By: Joe Strupp The Gazette, which markets itself as Montreal's only English-language daily, appears also to be its most self-examined paper, at least where the environment is concerned. Last weekend, the daily produced a lengthy package for Earth Day that looked at how its own daily policies and procedures damage the environment.
"This newspaper regularly covers environmental issues and, on occasion, exposes companies that harm the environment," reporter Marian Scott, who led the reporting, told E&P in an e-mail. "As a result, we feel we have a moral responsibility to examine our own ecological impact. We looked into everything from where our newsprint comes from to how the paper is delivered. We checked how many newspapers are recycled after use (about 67 per cent across Quebec)."
The result is an unusual report on the paper's own daily habits, some ecologically positive, others admittedly wasteful. It can be found
here.
"We checked the heating bills for our printing plant and downtown office and counted everything from newsprint - 15,000 metric tonnes this year - to the 61,500 Styrofoam cups used in our coffee machines. What did we learn?" the initial story asked. "The biggest part of our footprint - by far - is paper. The newsprint in one year's worth of The Gazette consumes the equivalent of 186,816 trees. To produce that much newsprint uses enough energy to heat 2,472 homes for a year and enough water to fill 272 swimming pools, and emits as much carbon dioxide (C02) as 1,500 cars."
The story also admitted that not enough recycling within the building is being done, but revealed a new policy requiring double-sided copies whenever possible.
Other internal findings the paper revealed that show environmental waste:
-- "With 11 copiers, 16 fax machines and 45 printers, we use a total of 25,590 kilograms of office paper a year. And not a sheet of it has recycled content. If we switched to 100-per-cent recycled office paper, it would cost up to 33 per cent more but we could save 676 trees and spare the environment 27 tonnes of greenhouse gas emissions."
-- "Gazette employees used 61,500 disposable cups from our coffee machine in the past year.

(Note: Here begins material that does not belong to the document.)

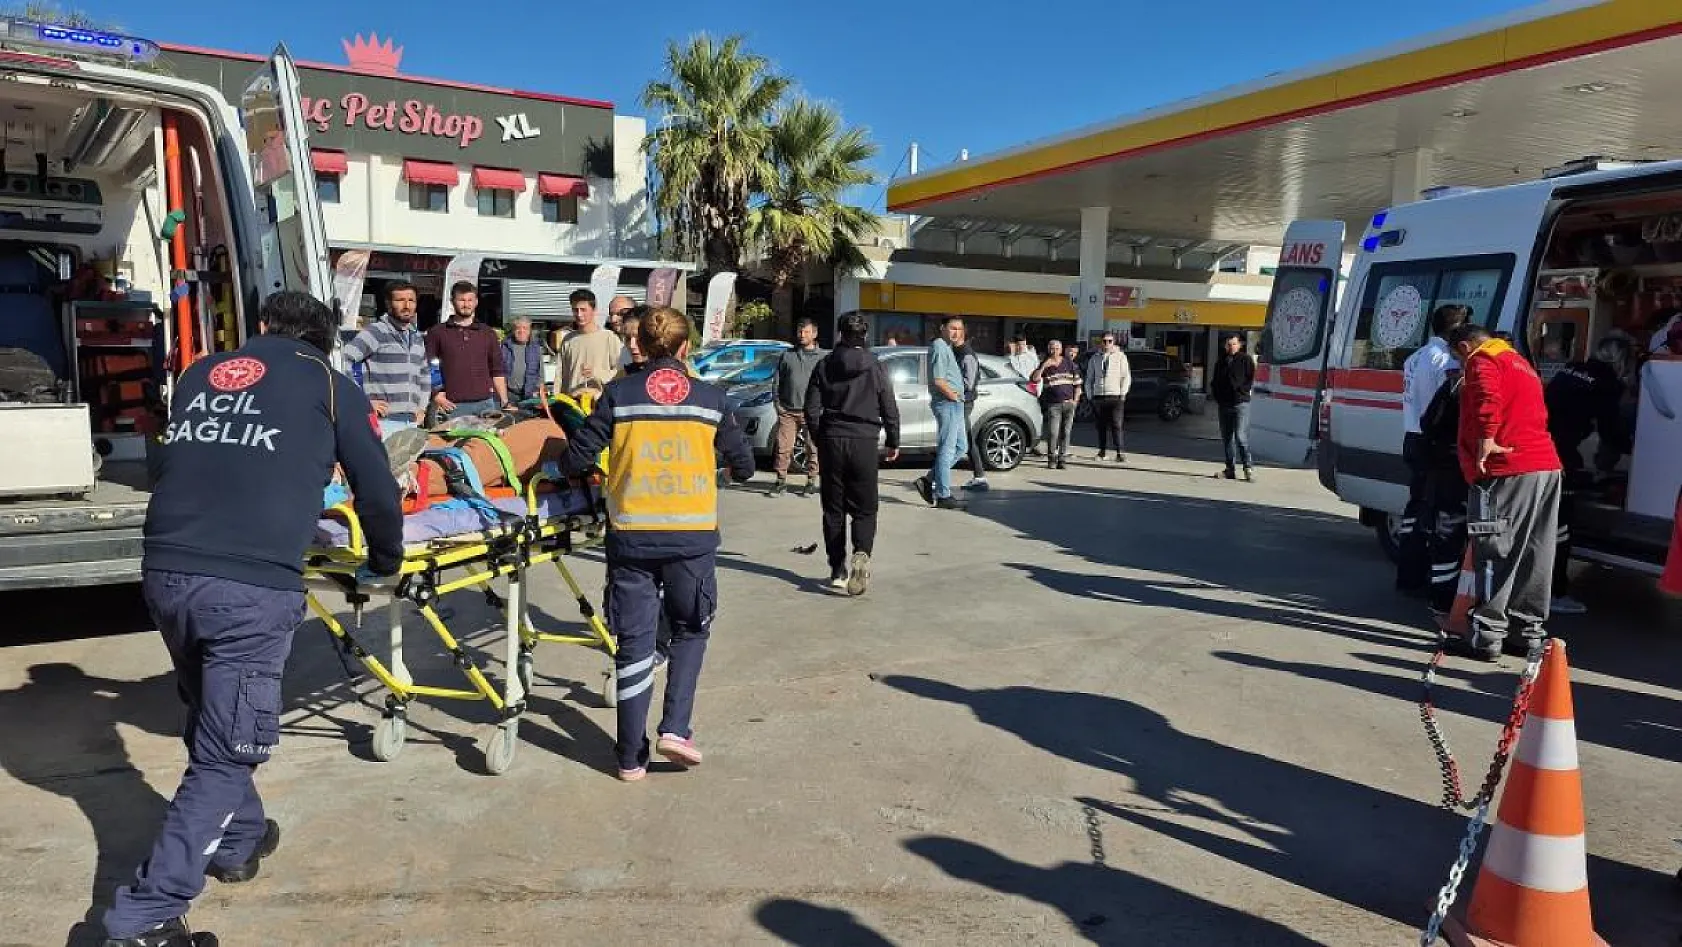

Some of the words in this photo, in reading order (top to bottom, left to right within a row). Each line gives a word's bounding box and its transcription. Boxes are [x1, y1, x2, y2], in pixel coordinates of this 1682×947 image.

[496, 112, 541, 142] XL
[185, 391, 262, 415] ACİL
[163, 416, 282, 451] SAĞLIK

-- "Our 17 advertising reps drive their cars an average of 20,000 kilometres a year for work purposes while our 14 staff photographers drive an average of 14,000 km a year. The annual environmental tab for all that driving is 110 tonnes of C02 emissions."

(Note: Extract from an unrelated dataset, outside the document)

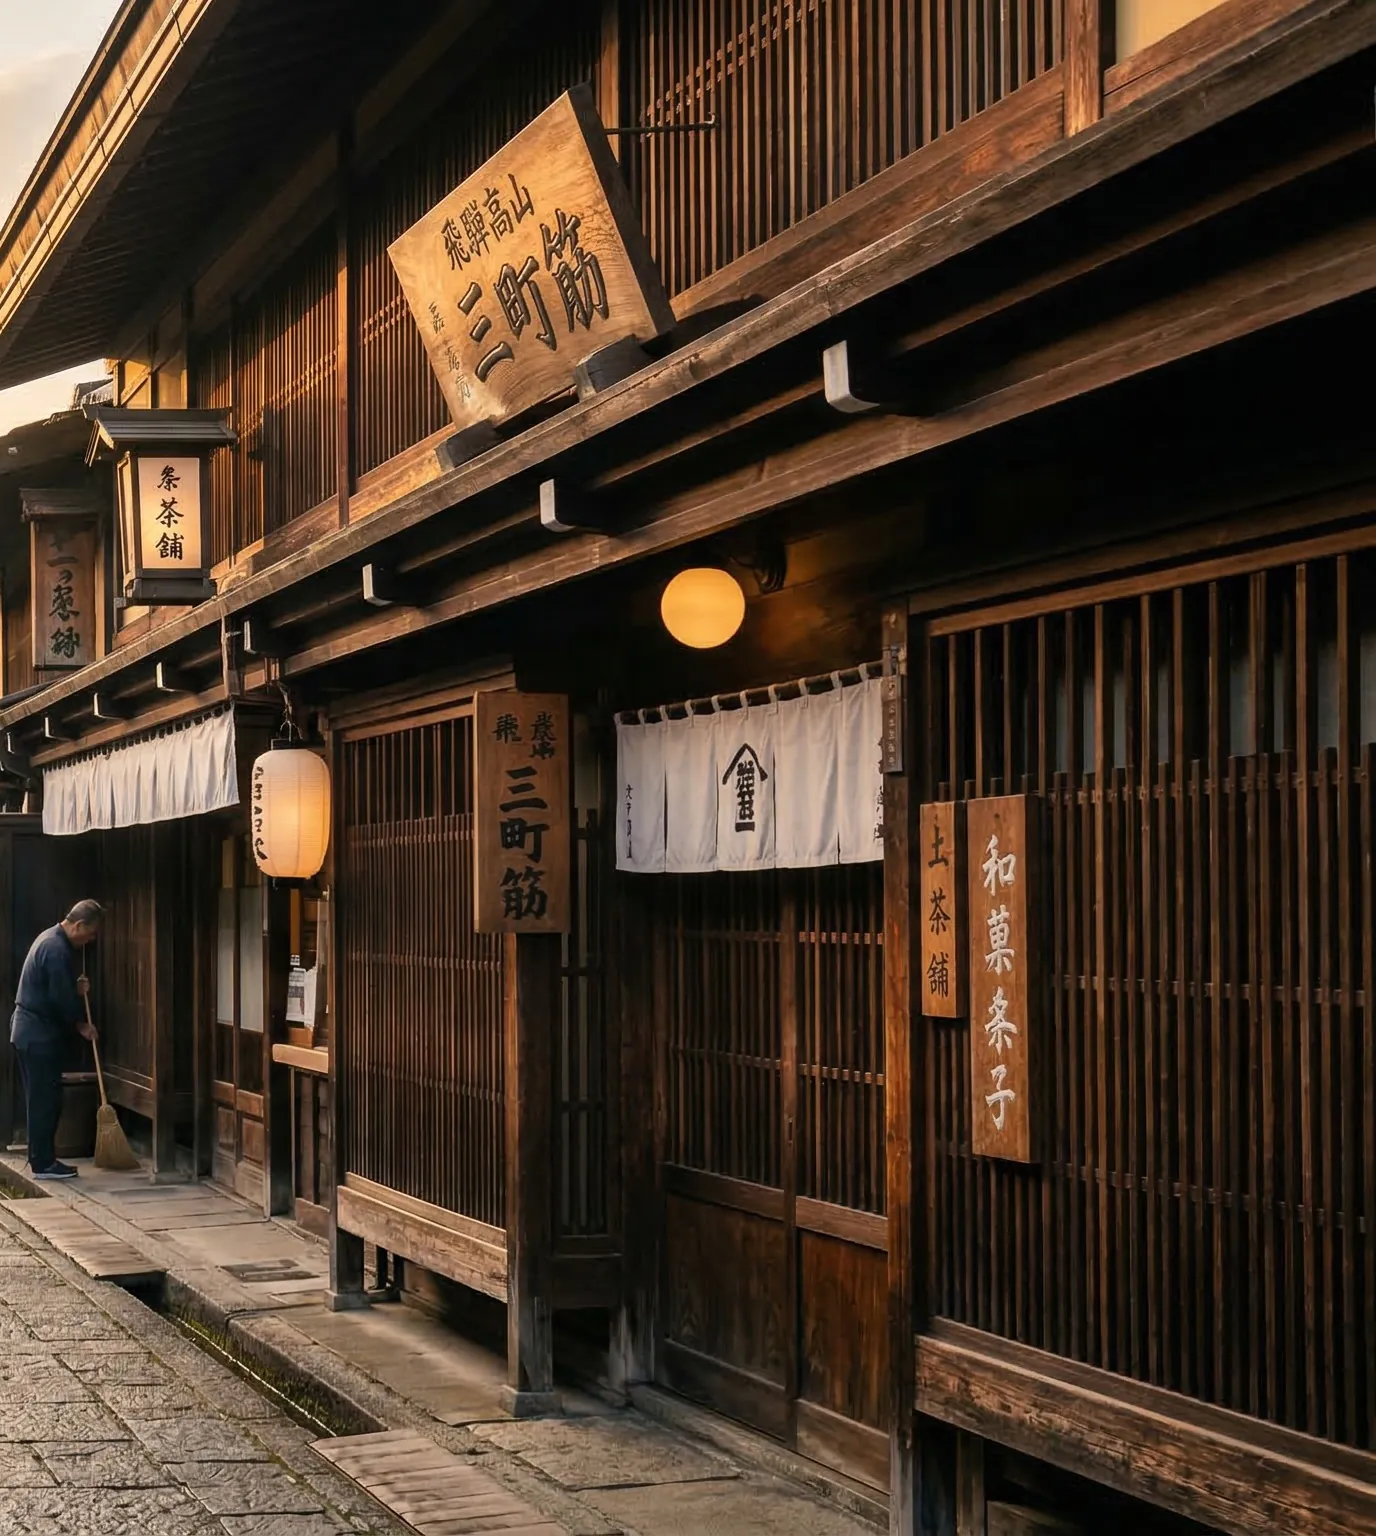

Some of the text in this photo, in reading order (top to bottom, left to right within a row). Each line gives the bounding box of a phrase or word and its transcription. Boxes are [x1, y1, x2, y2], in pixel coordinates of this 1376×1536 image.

-- "Our office is responsible for 347.7 tonnes of greenhouse gas emissions a year - the equivalent of driving 114 Toyota Tercels for one year."
Publisher Alan Allnutt vowed in a column that ran with the package to seek efforts to improve the paper's environmental awareness. "We've taken the first big step - looking at ourselves and getting a good idea of our ecological footprint," he wrote. "In the coming months, we'll be combing through our findings, looking deeper into some areas, and figuring out where we can best put our next efforts."